Cyril "Pop" Haworth had three sons; two assumed control of the company as partners in 1943: Thoburn (T.S.) and Bryan (B.W.). Cyril retired in 1952 but continued to drive buses. By 1955, OBS was serving routes totaling 400 mi. Thoburn ran the Visalia branch while Bryan ran the Bakersfield branch until he was bought out in the mid 1970s.
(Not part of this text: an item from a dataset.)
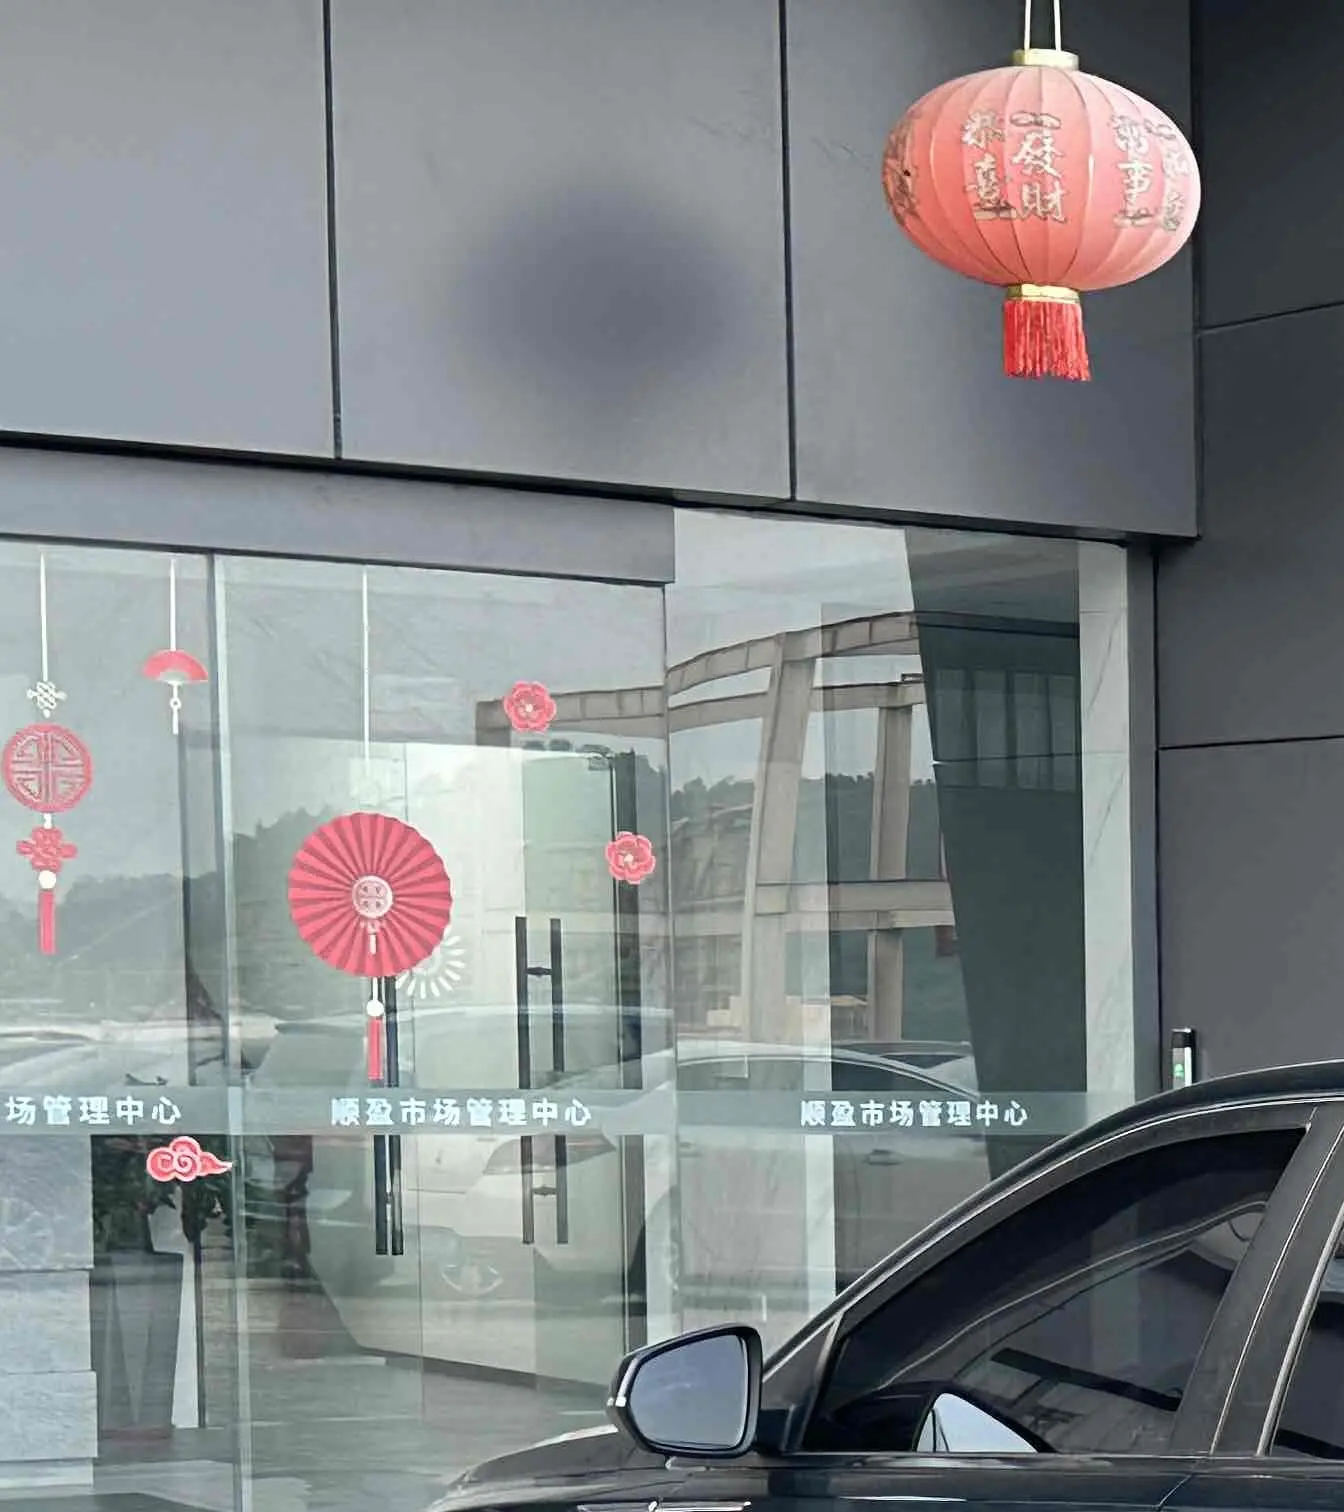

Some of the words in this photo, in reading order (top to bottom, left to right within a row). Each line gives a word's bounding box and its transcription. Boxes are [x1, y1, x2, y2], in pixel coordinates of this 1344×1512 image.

[5, 1095, 183, 1127] 场管理中心
[330, 1097, 592, 1129] 顺盈市场管理中心
[800, 1100, 1029, 1128] 顺盈市场管理中心
Thoburn's son Michael has run the company from Visalia since 1985. The headquarters was in Visalia with branches in Fresno and Bakersfield.

The name Orange Belt Stages came from the route along the foothills of the Sierra Nevada mountains, where lush groves of oranges are found.

In May 1969, a bus carrying a group of Girl Scouts from Universal Studios back to Bakersfield crashed and killed 3 young girls and injured twelve.

The company owned Orange Belt Adventures, a travel agency offering tours and charters.

In 2016, they partnered with CSU Bakersfield Athletics to be the official charter company of the school's teams.

Orange Belt Stages previously ran a route from Visalia to Las Vegas; the route was cancelled in 2017.

Orange Belt Stages operated scheduled routes as part of both the Trailways Transportation System and the Amtrak Thruway system.

The company ceased operations in 2020 as a result of the impact of the COVID-19 pandemic on tourism.